The Fed is expected to maintain asset buying at $85 billion a month when it concludes its meeting later and retain its commitment to hold interest rates near zero until unemployment falls to at least 6.5 percent.
European economic confidence data for January at 1000 GMT, ECB crisis loan repayments and Italy's sale of five and 10-year bonds will absorb most of investors' attention before then, as they look for further evidence of a pick-up in the region.
Share markets in London, Paris and Frankfurt opened little changed ahead of the data, leaving all eyes on a rally by the euro as it broke above $1.35 for the first time since December 2011.
Alongside the recent rebound in confidence in the euro zone, one of the drivers behind the recent spike has been the eagerness of banks to repay the crisis loans they took from the European Central Bank just over a year ago.
"It (the euro rise) is just a carry on with the current trend, risk is pretty healthy and equities are doing well," said Bank of Tokyo Mitsubishi strategist Derek Halpenny.
"The danger is European policymakers allow a spike (in euro and market rates) as a result of a removal of one of the principle support measures ... With the Fed and the BOJ still easing the euro is clearly the path of least resistance."
An earlier rise in Asian equities meant the MSCI world share index was up 0.2 percent at a new 21-month high as European trading gathered pace.
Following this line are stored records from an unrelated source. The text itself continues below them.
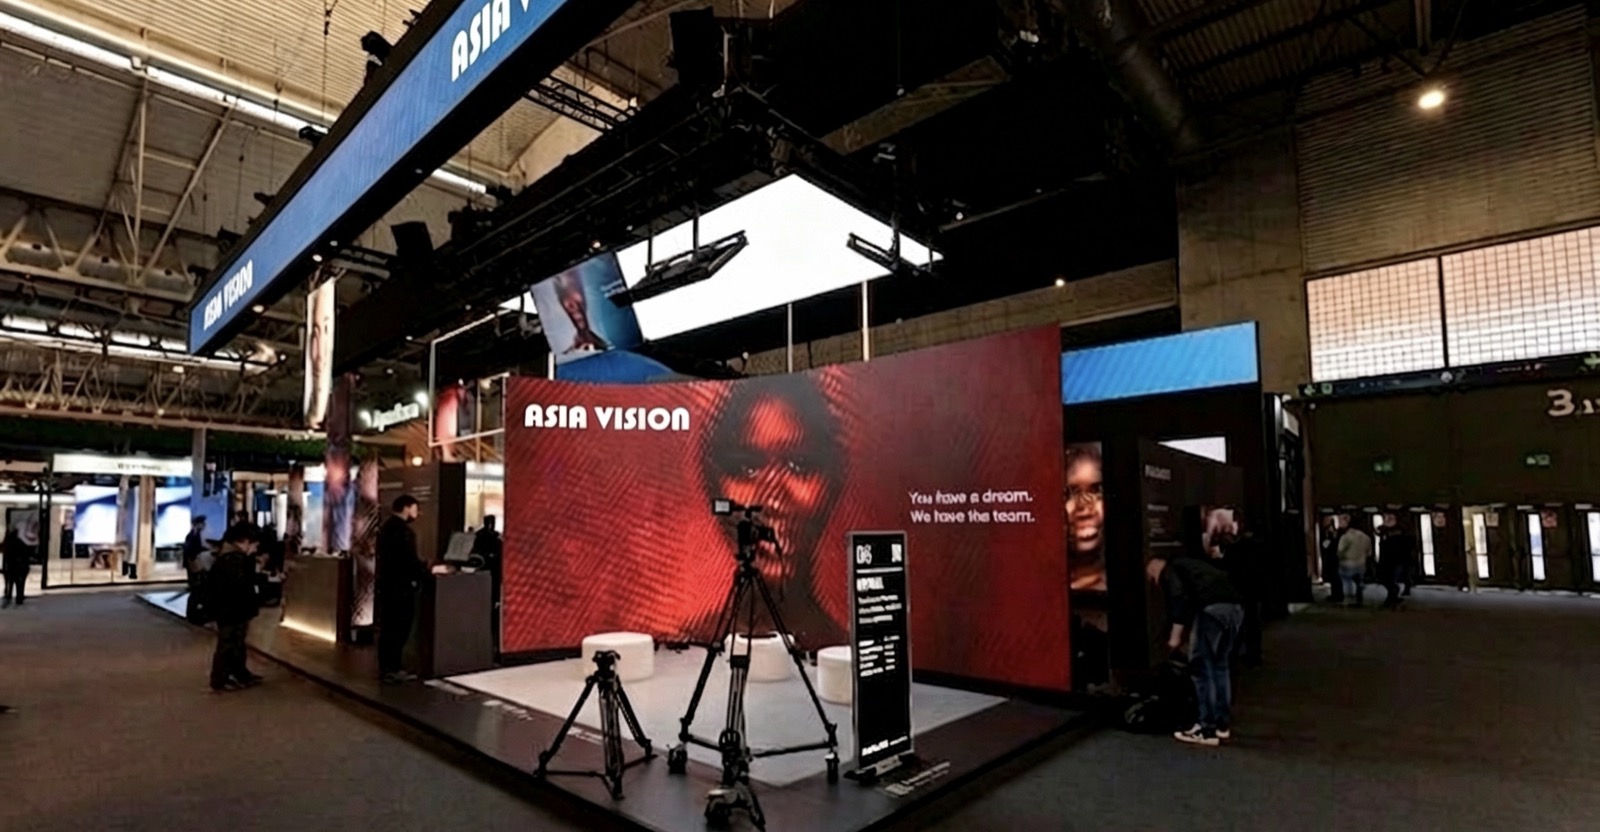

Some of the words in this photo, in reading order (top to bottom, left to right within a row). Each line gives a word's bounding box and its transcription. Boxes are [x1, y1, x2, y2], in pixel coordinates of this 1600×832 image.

[451, 0, 510, 82] ASIA
[524, 403, 588, 429] ASIA
[594, 406, 690, 431] VISION
[908, 491, 933, 504] You
[935, 489, 967, 504] have
[969, 492, 980, 503] a
[982, 488, 1033, 503] dream.
[910, 510, 932, 523] We
[934, 509, 965, 523] have
[967, 508, 990, 523] the
[992, 509, 1035, 523] team.
U.S. stock futures suggested a cautious start on Wall Street.
Strong U.S. housing data on Tuesday and China's promising economic growth forecast for 2013 also supported the upbeat mood and raised expectations for robust demand for fuel and industrial commodities, underpinning oil prices and lifting copper.
In the bond market, German Bund futures opened lower as investors made room for a sale of long-dated German paper and braced for solid demand at an Italian debt auction.
Italy will offer up to 6.5 billion euros of bonds maturing in 2017 and 2022. Traders expect the sale to benefit from yield-hungry investors but flagged the risk of indigestion after a bout of buying in recent months that triggered a sharp rally.
"(The auction) probably (goes) alright but I don't think it trades well afterwards," one trader said.